Yes, I meant William F. Buckley Jr. I’ve always just called him William — I suppose because his lengthened handle seemed to be another aspect of his pretentiousness, and I didn’t want to buy into it. After reading so many of your comments, I can’t imagine you trying to “hijack” a discussion. And believe me, I know a discussion hijacker when I see one.
Thanks POP,
I’ve got to say thank you for the compliment. The site which I left (before I was kicked off) is normally an excellent site, and one reason is in part, because the commenting rules are strictly enforced. We were not even supposed to say things like, “I think (so and so) is taking this topic too seriously.” Normally if we stayed out of judging the motives of others and stuck to topic, we were OK, but for some reason after I asked one of the editors if the rules weren’t too strict, I received a very insulting email from her, which accused me of being a (hi-jacker) when to me, I was just joining in a long already established discussion on that particular thread that was completely on topic. I had a lot of hurt feelings involving the insulting way she chastised me, and some accusations made by another commenter who was her friend.
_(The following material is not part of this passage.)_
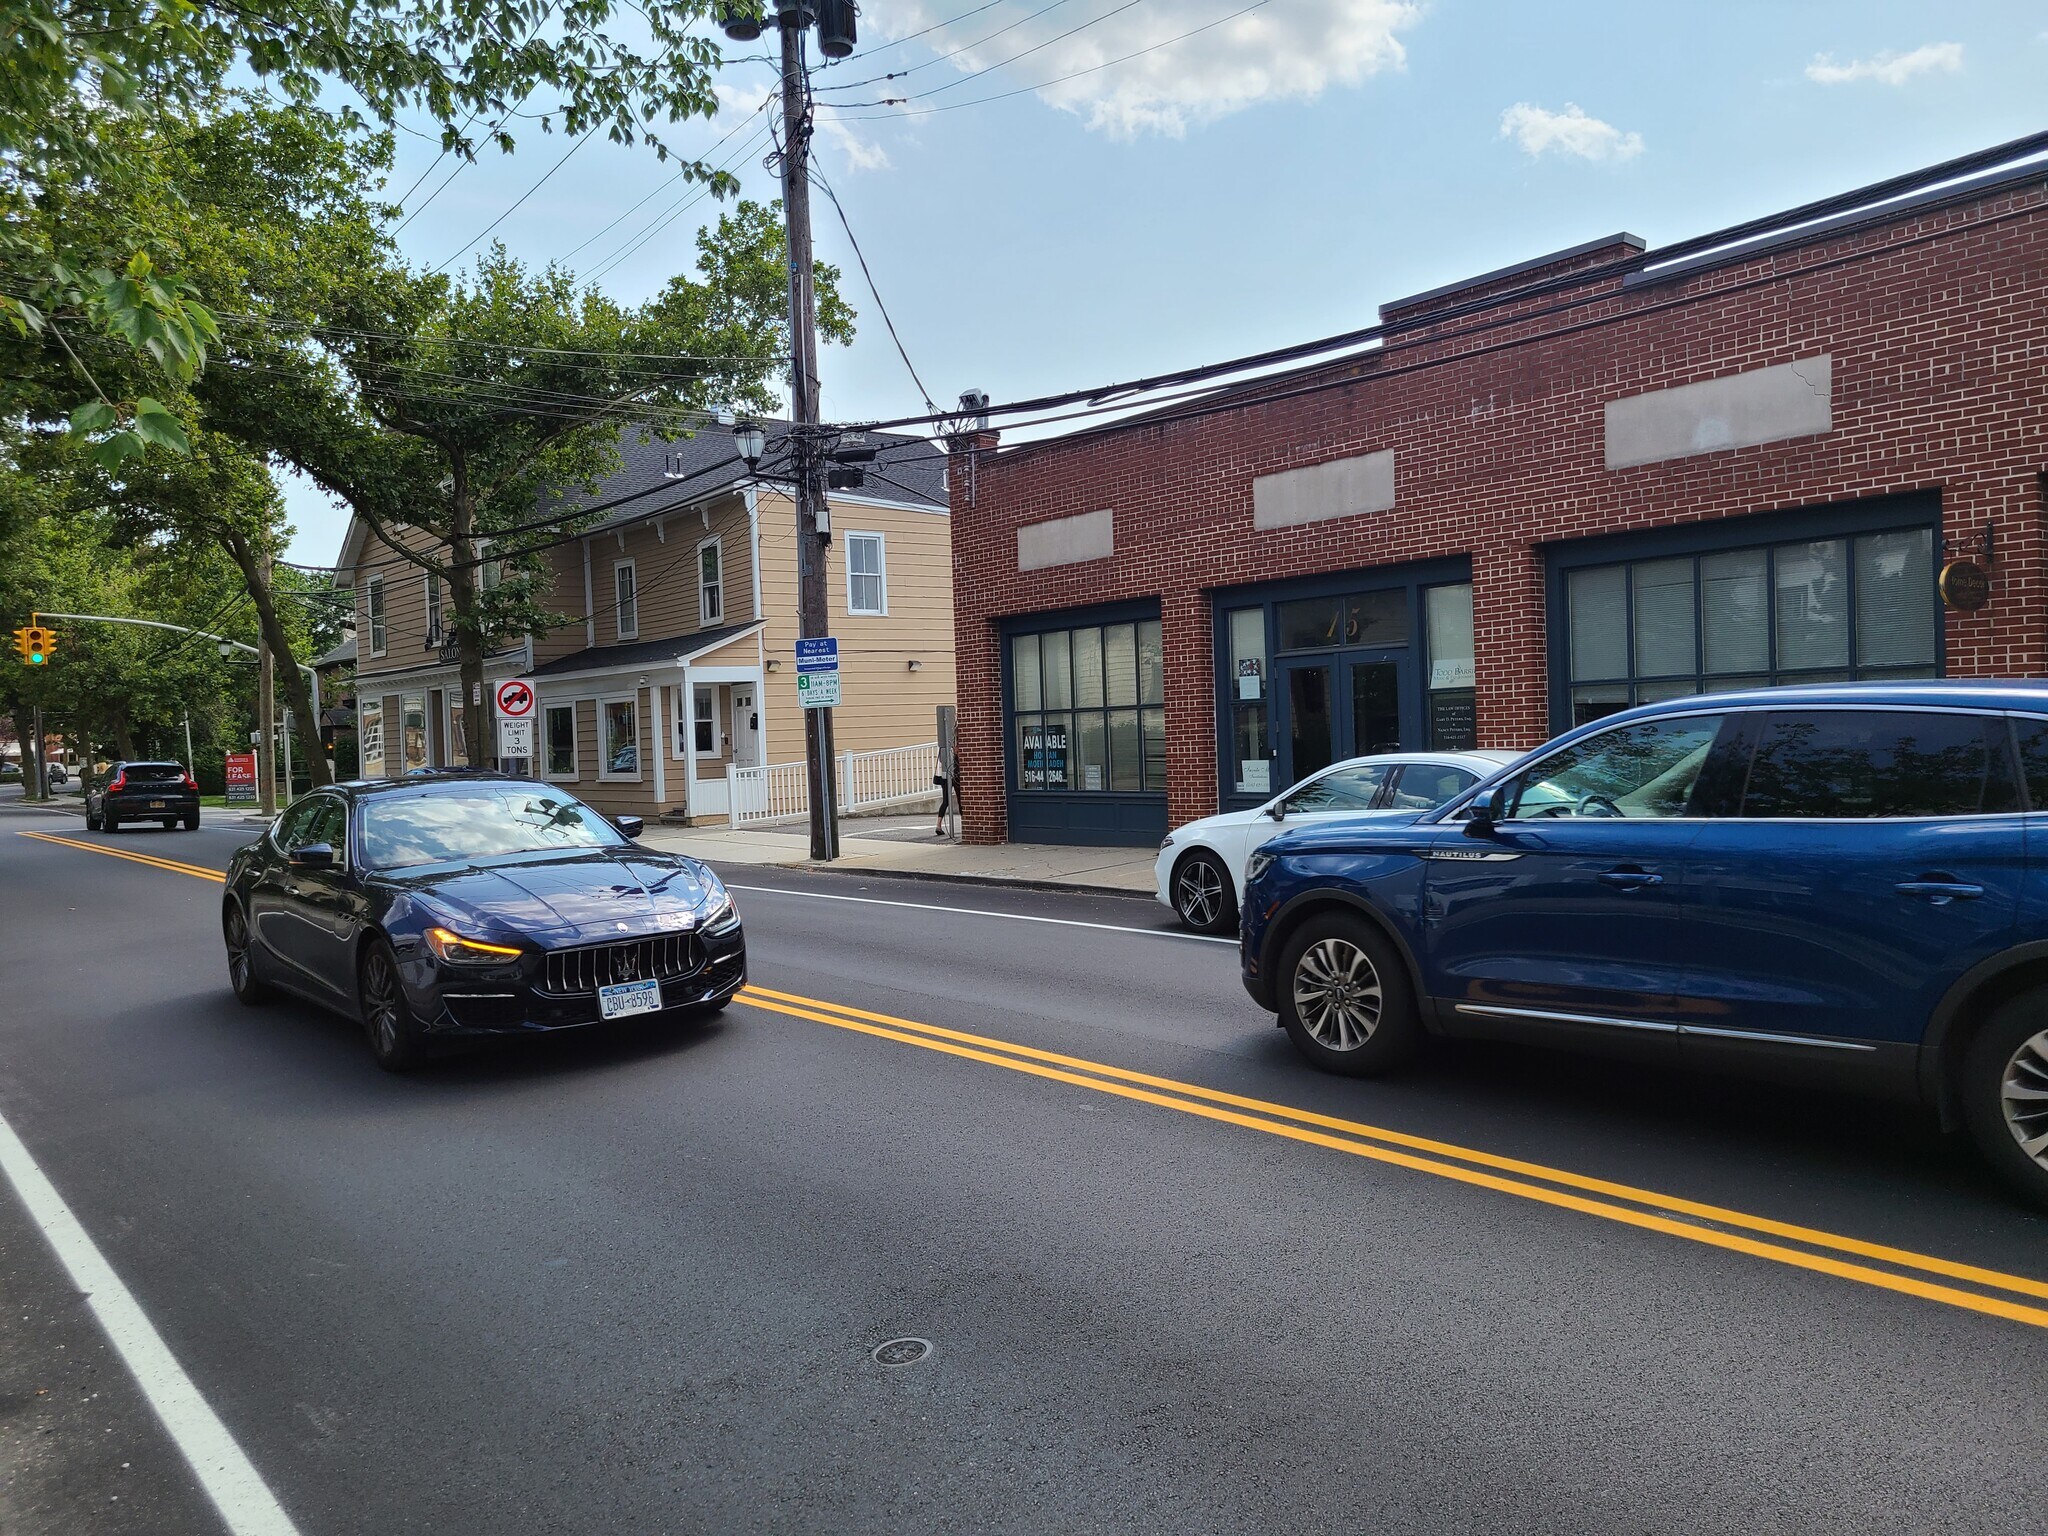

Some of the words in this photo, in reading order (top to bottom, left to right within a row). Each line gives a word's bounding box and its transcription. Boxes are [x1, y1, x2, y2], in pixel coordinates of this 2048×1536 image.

I think sometimes I stick so doggedly to my opinions, that other commenters (although fine people) sometimes feel insulted by my refusals to yield.
Anyway, the site I left is actually a good one and I hated to go, however, I continue commenting on sites like this and on other sites. Your article is again very good, and the sense of humor you employ is usually excellent, but I think your observation that some of we commenters have an overblown ideas that others commenters cannot live without our input, is correct. We have all got to watch that, and I can’t honestly say that I haven’t sometimes felt the same way.